Acute Myeloid Leukemia: Is It T Time?

SIMPLE SUMMARY: Acute myeloid leukemia (AML) is a cancer characterized by impaired differentiation and excessive expansion of blood progenitor cells leading to their accumulation in the bone marrow and circulation. The aim of this review is to describe how these leukemic cells can influence the immune system, particularly T lymphocytes that originate from the thymus and are involved in cancers’ and infections’ eradication. We focus on the elderly population, as this disease mainly affects people over 60 years-old. We discuss how AML cells can modify T lymphocytes’ production and functions.
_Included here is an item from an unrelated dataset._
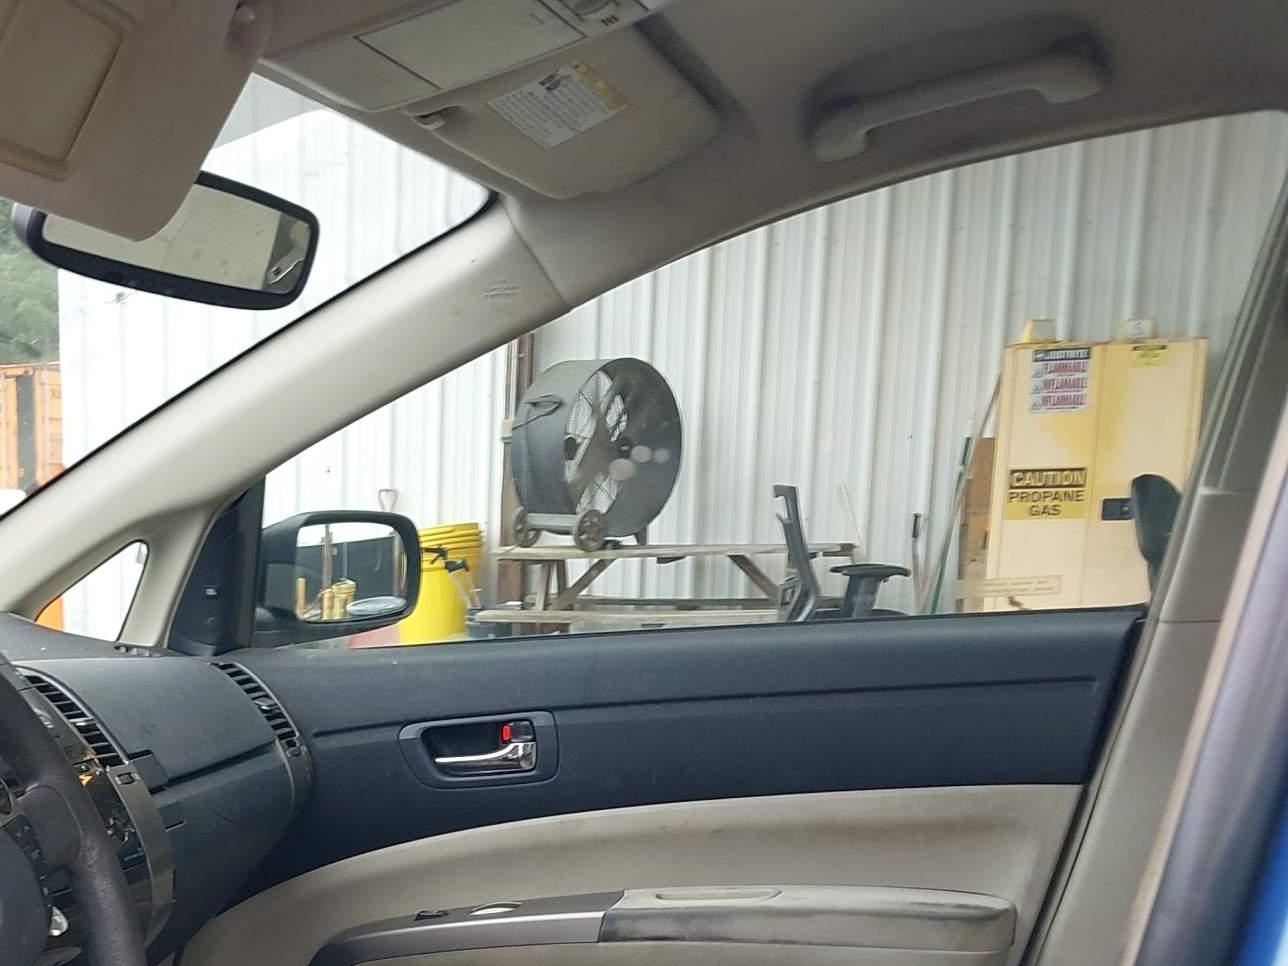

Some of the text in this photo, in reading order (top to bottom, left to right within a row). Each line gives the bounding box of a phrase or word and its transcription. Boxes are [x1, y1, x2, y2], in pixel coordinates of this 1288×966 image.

[1011, 470, 1086, 487] CAUTION
[1008, 490, 1085, 503] PROPANE
[1030, 504, 1061, 516] GAS
We also highlight newly developed therapeutic strategies to improve the anti-leukemic immune response and the clinical outcome of patients. ABSTRACT: Acute myeloid leukemia (AML) is a heterogeneous disease driven by impaired differentiation of hematopoietic primitive cells toward myeloid lineages (monocytes, granulocytes, red blood cells, platelets), leading to expansion and accumulation of “stem” and/or “progenitor”-like or differentiated leukemic cells in the bone marrow and blood. AML progression alters the bone marrow microenvironment and inhibits hematopoiesis’ proper functioning, causing sustained cytopenia and immunodeficiency. This review describes how the AML microenvironment influences lymphoid lineages, particularly T lymphocytes that originate from the thymus and orchestrate adaptive immune response. We focus on the elderly population, which is mainly affected by this pathology. We discuss how a permissive AML microenvironment can alter and even worsen the thymic function, T cells’ peripheral homeostasis, phenotype, and functions. Based on the recent findings on the mechanisms supporting that AML induces quantitative and qualitative changes in T cells, we suggest and summarize current immunotherapeutic strategies and challenges to overcome these anomalies to improve the anti-leukemic immune response and the clinical outcome of patients.